WORK INSTRUCTIONS:
The expected result is the full listing, retyped exactly, without a single picture.

RECORDS SHOWN:
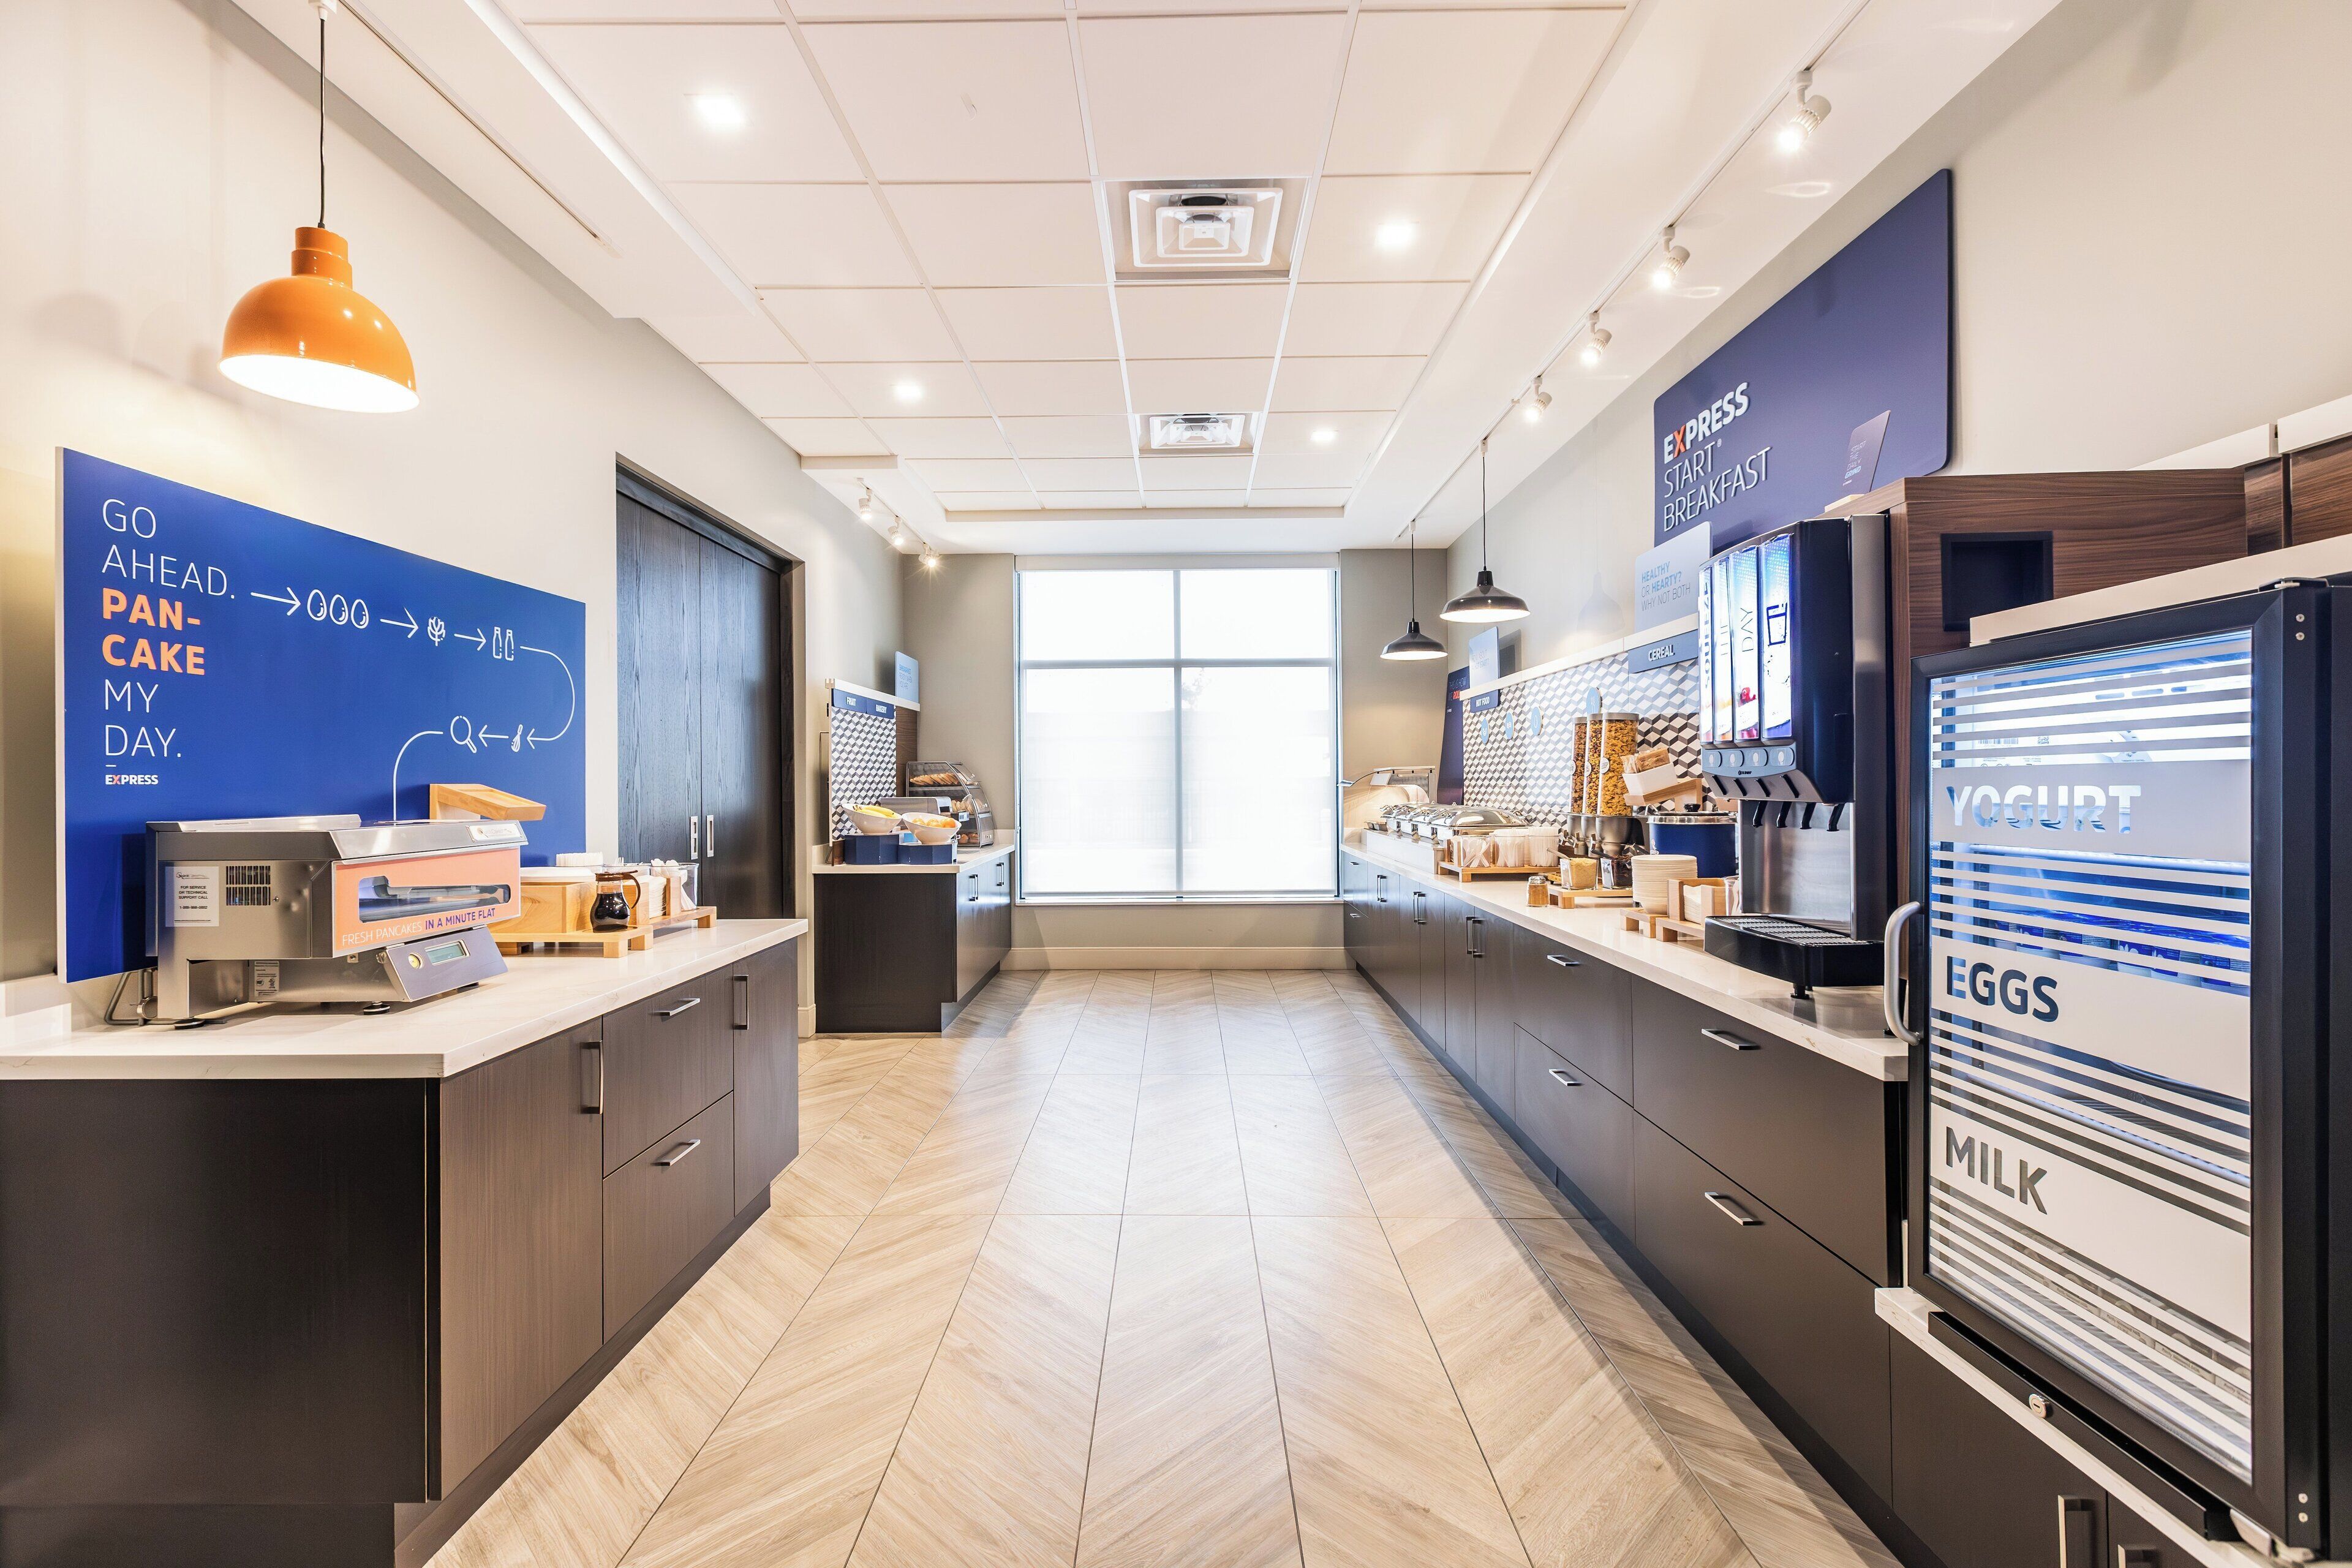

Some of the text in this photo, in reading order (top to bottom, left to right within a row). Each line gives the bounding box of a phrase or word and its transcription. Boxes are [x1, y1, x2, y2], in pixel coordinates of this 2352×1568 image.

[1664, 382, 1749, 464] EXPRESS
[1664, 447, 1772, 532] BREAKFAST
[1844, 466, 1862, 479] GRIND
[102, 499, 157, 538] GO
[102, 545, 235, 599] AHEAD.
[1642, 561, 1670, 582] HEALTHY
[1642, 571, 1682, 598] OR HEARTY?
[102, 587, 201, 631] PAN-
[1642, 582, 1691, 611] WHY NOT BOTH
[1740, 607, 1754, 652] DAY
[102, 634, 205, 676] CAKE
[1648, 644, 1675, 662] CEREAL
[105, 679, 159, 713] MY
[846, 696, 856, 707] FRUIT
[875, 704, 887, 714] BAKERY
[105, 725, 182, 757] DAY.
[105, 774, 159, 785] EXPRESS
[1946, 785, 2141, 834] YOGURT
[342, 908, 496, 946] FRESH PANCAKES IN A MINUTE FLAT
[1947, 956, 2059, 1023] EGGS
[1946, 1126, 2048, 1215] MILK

SOLUTION:
Some of the text in this photo, in reading order (top to bottom, left to right within a row). Each line gives the bounding box of a phrase or word and its transcription. Boxes are [x1, y1, x2, y2], in pixel coordinates of this 2352×1568 image.

[1664, 382, 1749, 464] EXPRESS
[1664, 447, 1772, 532] BREAKFAST
[1844, 466, 1862, 479] GRIND
[102, 499, 157, 538] GO
[102, 545, 235, 599] AHEAD.
[1642, 561, 1670, 582] HEALTHY
[1642, 571, 1682, 598] OR HEARTY?
[102, 587, 201, 631] PAN-
[1642, 582, 1691, 611] WHY NOT BOTH
[1740, 607, 1754, 652] DAY
[102, 634, 205, 676] CAKE
[1648, 644, 1675, 662] CEREAL
[105, 679, 159, 713] MY
[846, 696, 856, 707] FRUIT
[875, 704, 887, 714] BAKERY
[105, 725, 182, 757] DAY.
[105, 774, 159, 785] EXPRESS
[1946, 785, 2141, 834] YOGURT
[342, 908, 496, 946] FRESH PANCAKES IN A MINUTE FLAT
[1947, 956, 2059, 1023] EGGS
[1946, 1126, 2048, 1215] MILK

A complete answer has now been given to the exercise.